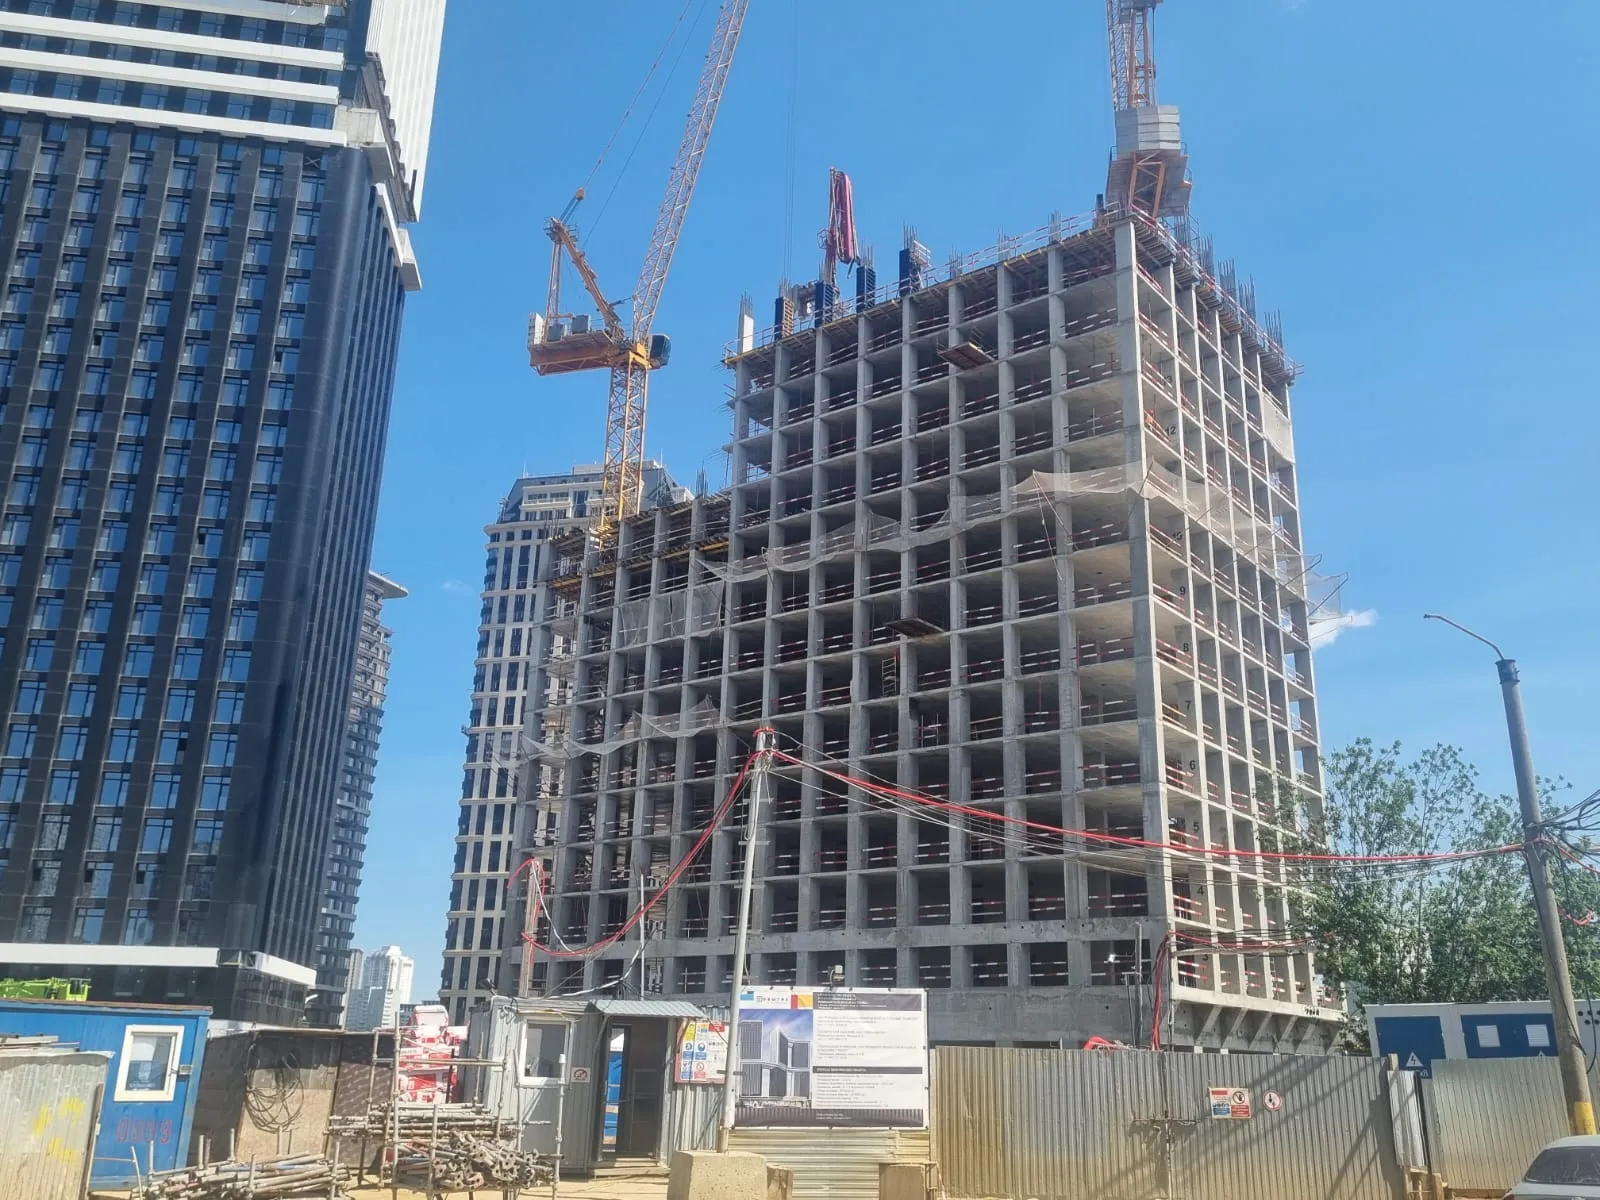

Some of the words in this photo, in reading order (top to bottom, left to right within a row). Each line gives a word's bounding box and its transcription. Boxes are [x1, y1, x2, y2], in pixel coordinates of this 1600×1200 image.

[1166, 425, 1176, 436] 12
[1179, 585, 1186, 595] 9
[1183, 642, 1189, 652] 8
[1184, 699, 1191, 710] 7
[1190, 760, 1196, 770] 6
[1193, 821, 1200, 832] 5
[1197, 885, 1204, 895] 4
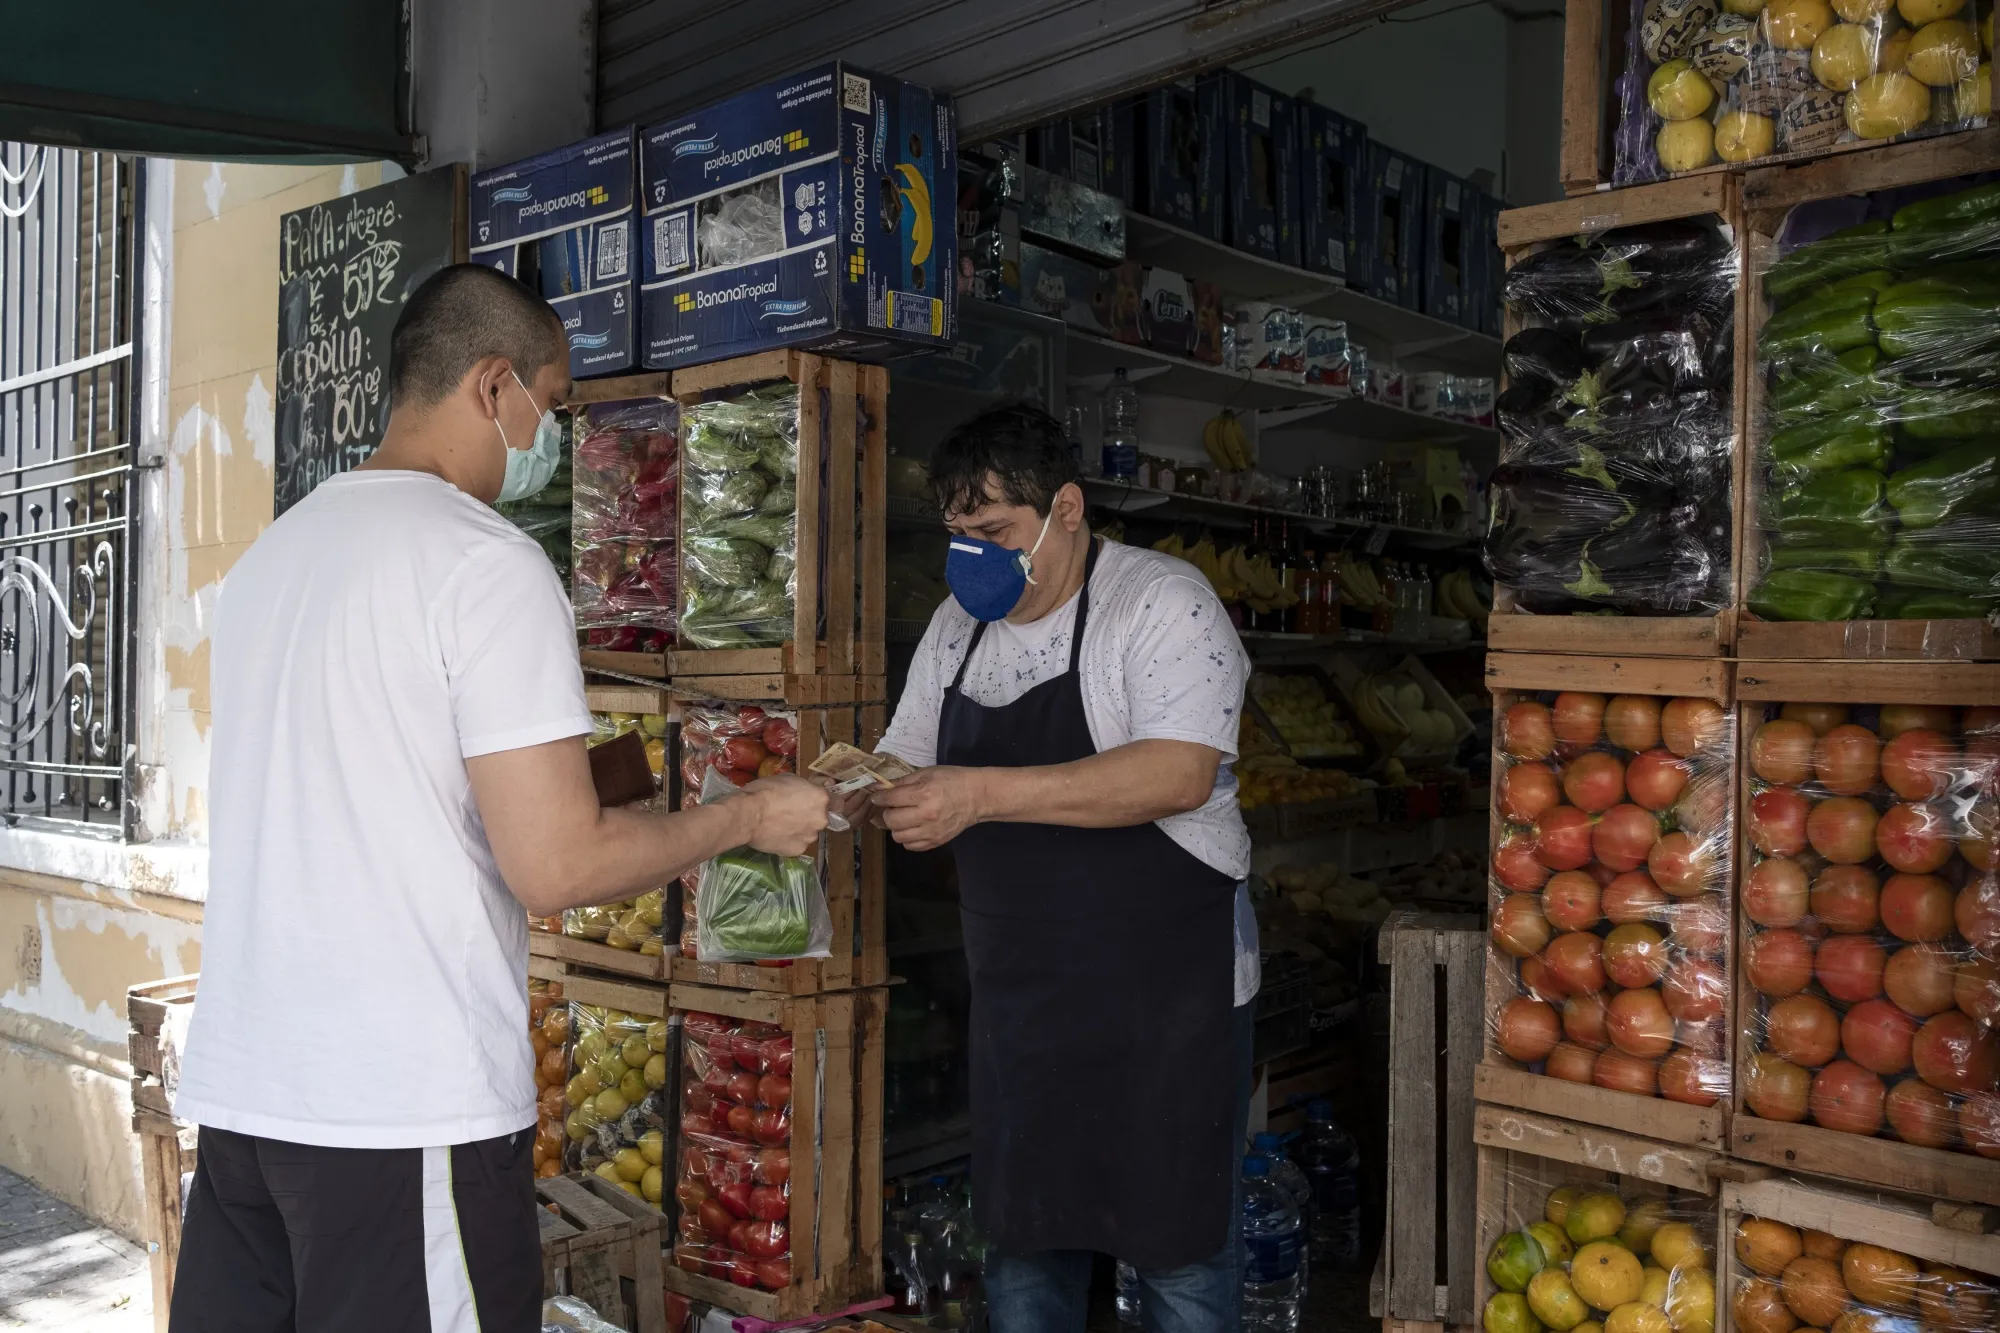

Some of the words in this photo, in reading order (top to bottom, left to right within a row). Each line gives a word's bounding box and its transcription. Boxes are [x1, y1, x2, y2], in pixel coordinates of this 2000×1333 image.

[876, 98, 886, 137] PREMIUM
[675, 142, 698, 156] PREMIUM
[704, 135, 782, 178] BananaTropical
[876, 138, 884, 164] EXTRA
[1726, 158, 1767, 170] Productos
[1769, 156, 1780, 164] de
[818, 181, 825, 192] U
[851, 123, 868, 244] BananaTropical
[518, 190, 586, 224] BananaTropical
[818, 195, 826, 206] X
[818, 209, 826, 228] 22
[697, 274, 777, 308] BananaTropical
[766, 303, 782, 312] EXTRA
[782, 301, 808, 312] PREMIUM
[806, 317, 828, 329] Aplicado
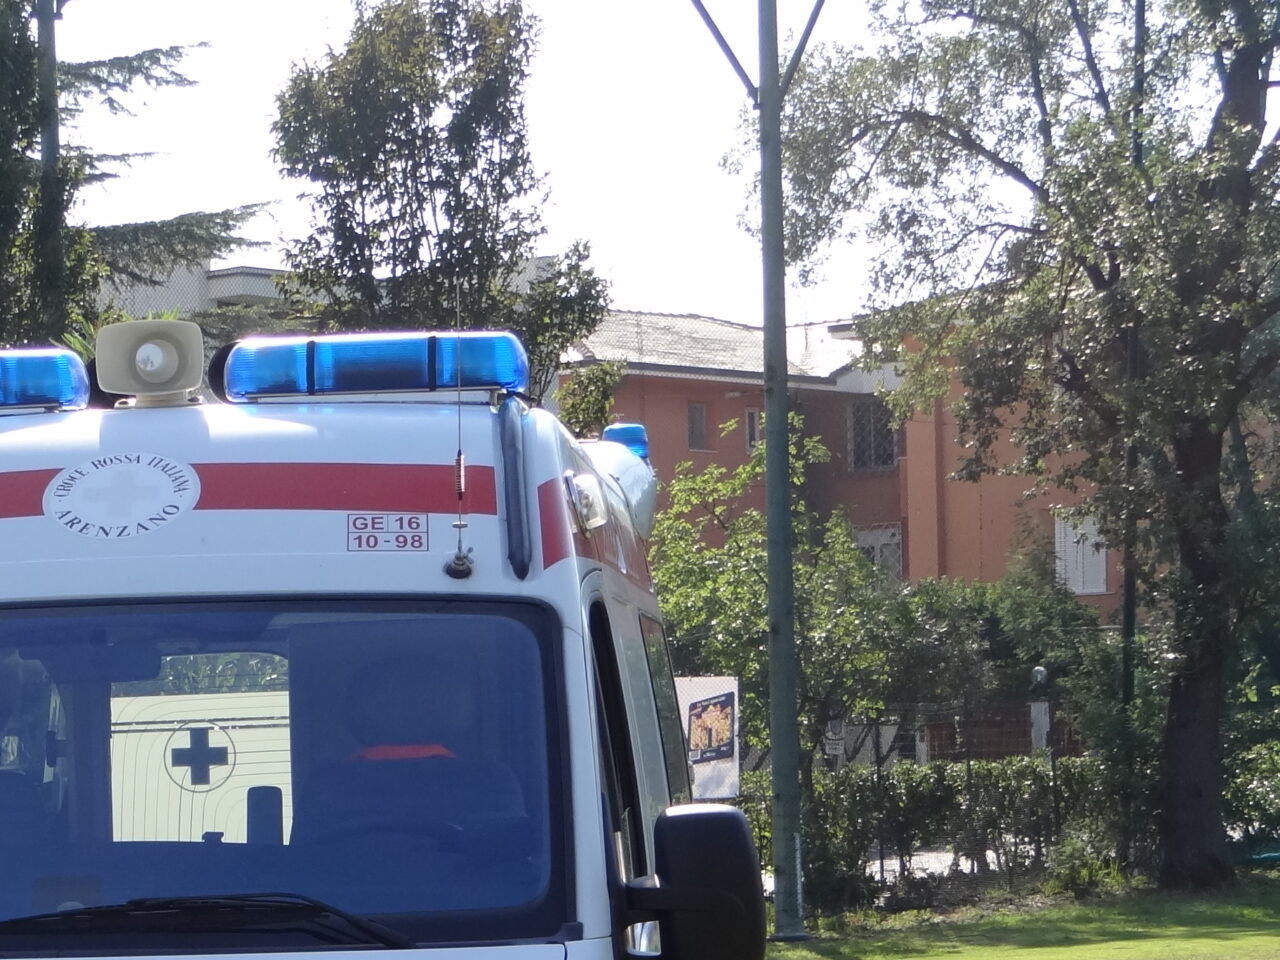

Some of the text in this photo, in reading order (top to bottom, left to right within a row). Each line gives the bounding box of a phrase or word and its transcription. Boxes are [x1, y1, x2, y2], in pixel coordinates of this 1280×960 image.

[53, 454, 190, 498] CROCE ROSSA ITALIANA
[54, 504, 180, 538] ARENZANO
[352, 516, 421, 530] GE 16

•••••

_PROBLEM DETAILS_
All of the data above should be quoted exactly, except for the pictures.

_TASK RESPONSE_
Some of the words in this photo, in reading order (top to bottom, left to right within a row). Each line gives a word's bounding box and its transcription. Boxes are [x1, y1, x2, y2], in pixel coordinates of this 1600×1200 image.

[1166, 425, 1176, 436] 12
[1179, 585, 1186, 595] 9
[1183, 642, 1189, 652] 8
[1184, 699, 1191, 710] 7
[1190, 760, 1196, 770] 6
[1193, 821, 1200, 832] 5
[1197, 885, 1204, 895] 4

Some of the words in this photo, in reading order (top to bottom, left to right within a row). Each line gives a word's bounding box and its transcription. Boxes are [x1, y1, x2, y2], in pixel coordinates of this 2000×1333 image.

[876, 98, 886, 137] PREMIUM
[675, 142, 698, 156] PREMIUM
[704, 135, 782, 178] BananaTropical
[876, 138, 884, 164] EXTRA
[1726, 158, 1767, 170] Productos
[1769, 156, 1780, 164] de
[818, 181, 825, 192] U
[851, 123, 868, 244] BananaTropical
[518, 190, 586, 224] BananaTropical
[818, 195, 826, 206] X
[818, 209, 826, 228] 22
[697, 274, 777, 308] BananaTropical
[766, 303, 782, 312] EXTRA
[782, 301, 808, 312] PREMIUM
[806, 317, 828, 329] Aplicado

Some of the text in this photo, in reading order (top to bottom, left to right within a row). Each line gives the bounding box of a phrase or word and its transcription. Boxes are [x1, y1, x2, y2], in pixel coordinates of this 1280×960 image.

[53, 454, 190, 498] CROCE ROSSA ITALIANA
[54, 504, 180, 538] ARENZANO
[352, 516, 421, 530] GE 16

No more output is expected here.